«Не много ли страстей вокруг квартир?» – горько подумала дочь, но промолчала.
– Такие вот дела, – многозначительно вздохнул папа. – Получаем подарки с того света...
– Она тебя, значит, любила, – сказала ему мама.
Папа кивнул.
– Значит, любила.
– А ты не понимал.
– Не понимал.
– Ты никогда ничего в любви не понимал, – сказала мама.
«Не много ли мне любви на сегодня?» – горько подумала дочь и поняла, что молчать больше не сможет.
– Мама... – позвала она, едва сдерживаясь. – Папа... Можно я домой поеду?
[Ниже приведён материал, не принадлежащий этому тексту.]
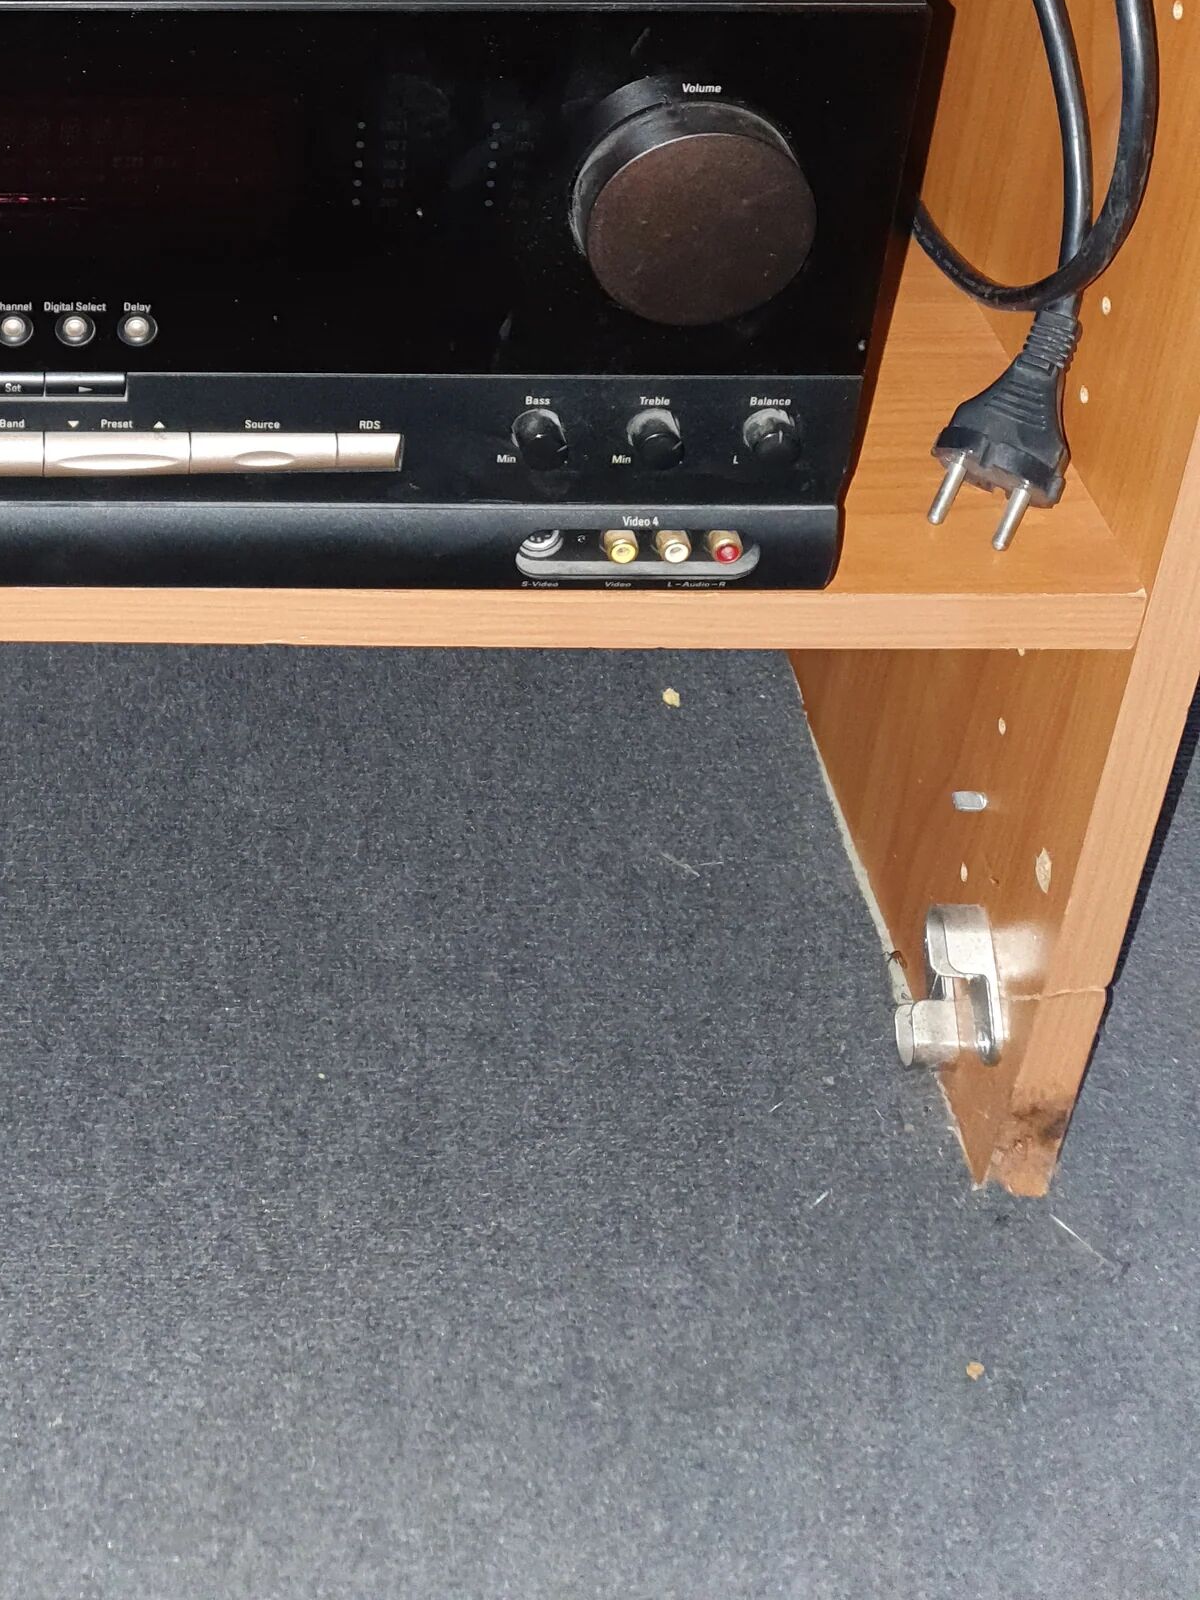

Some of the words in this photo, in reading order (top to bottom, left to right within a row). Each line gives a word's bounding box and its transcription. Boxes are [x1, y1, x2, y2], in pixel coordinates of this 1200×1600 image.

Очень плохой день был. Тяжелый.
– Погоди уезжать, – приказал папа и твердой рукой налил себе хорошую рюмаху. – Он еще не закончился, этот день. Слушай, дочь, наше родительское слово. Раз всё у нас выходит одно к одному – и свадьба, и тетка усопшая, – то решили мы с мамой так. Квартиру теткину продаем. И эту, – папа похлопал по стене комнаты, словно старого коня по загривку, – тоже продаем. Сами переезжаем в двухкомнатную, а тебе, дочь, делаем отдельную. Однокомнатную, конечно, зато твою. Личную! Такое у тебя будет приданое. Знаем, что у Бориса твоего есть хоромы какие-то, аж в самом центре, полный люкс и так далее... И вроде как с жильем у вас проблем не будет... Но своя конура – это своя конура! Мало ли что...
Папа решительно выпил. Мама приготовилась всплакнуть.
– Лично я, – сказал папа, закусив куском мяса, – профессорским сыновьям с детства не доверяю.
– Молчи, дурак, – сказала мама. – Это не наше дело теперь.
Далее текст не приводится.